## EXERCISE
Pictures aside, return all of the records exactly as they stand.
BEGIN DATASET
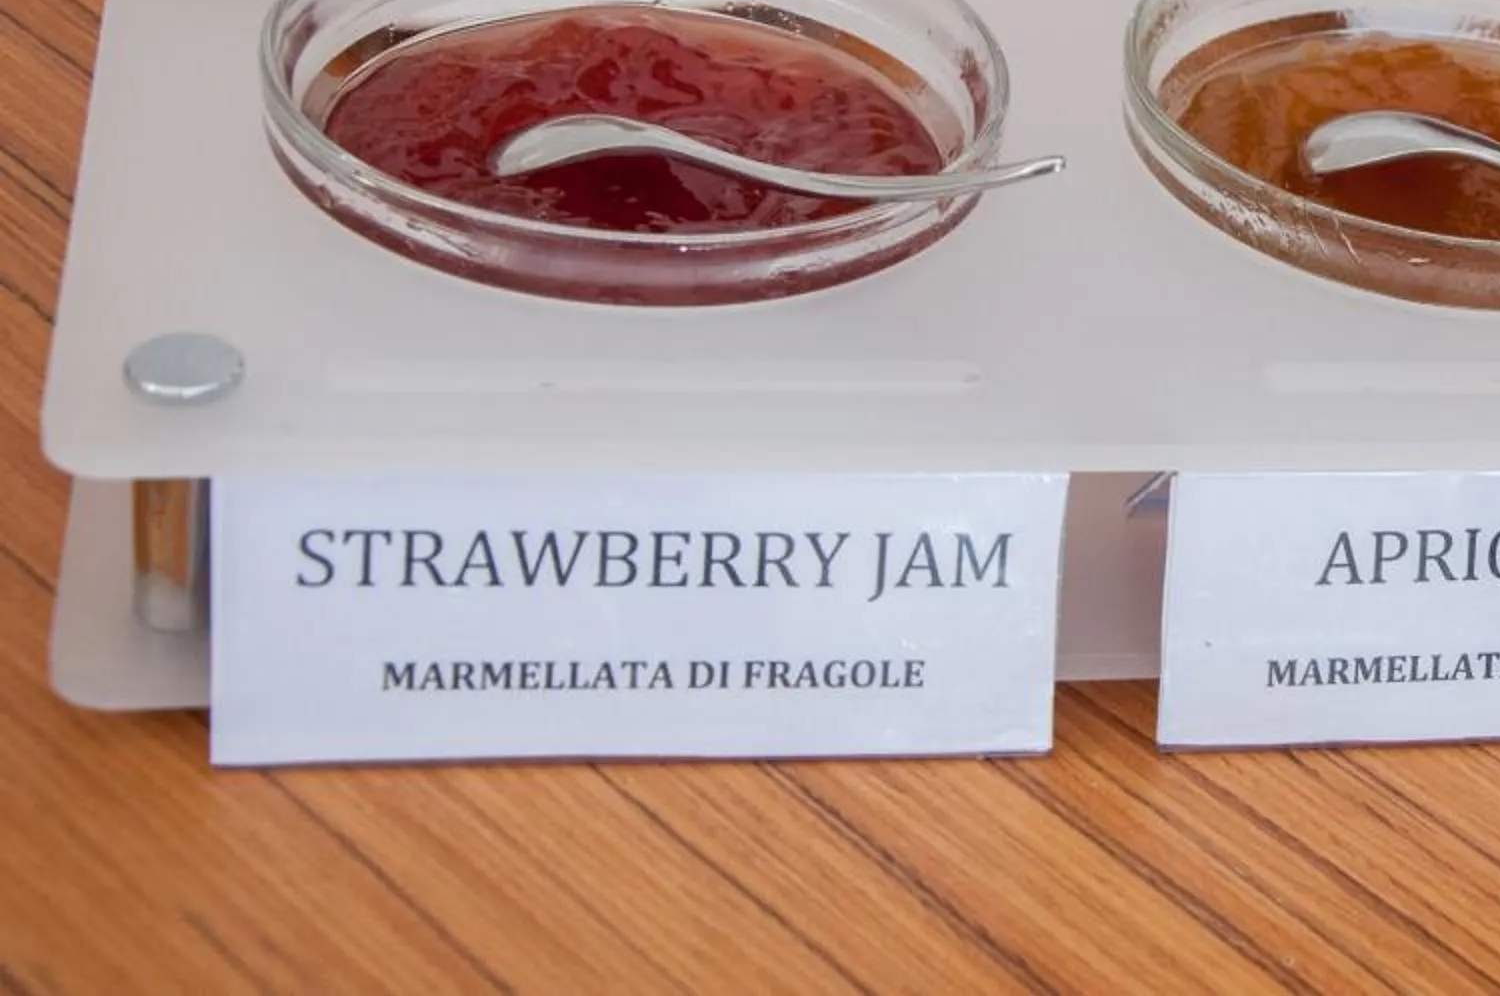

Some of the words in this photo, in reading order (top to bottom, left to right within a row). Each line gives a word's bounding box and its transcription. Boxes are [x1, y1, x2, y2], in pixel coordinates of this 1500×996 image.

[296, 528, 851, 588] STRAWBERRY
[867, 531, 1013, 603] JAM
[382, 660, 674, 691] MARMELLATA
[687, 660, 730, 689] DI
[743, 659, 926, 689] FRAGOLE
END DATASET
## ANSWER TO THE EXERCISE
Some of the words in this photo, in reading order (top to bottom, left to right within a row). Each line gives a word's bounding box and its transcription. Boxes are [x1, y1, x2, y2], in pixel coordinates of this 1500×996 image.

[296, 528, 851, 588] STRAWBERRY
[867, 531, 1013, 603] JAM
[382, 660, 674, 691] MARMELLATA
[687, 660, 730, 689] DI
[743, 659, 926, 689] FRAGOLE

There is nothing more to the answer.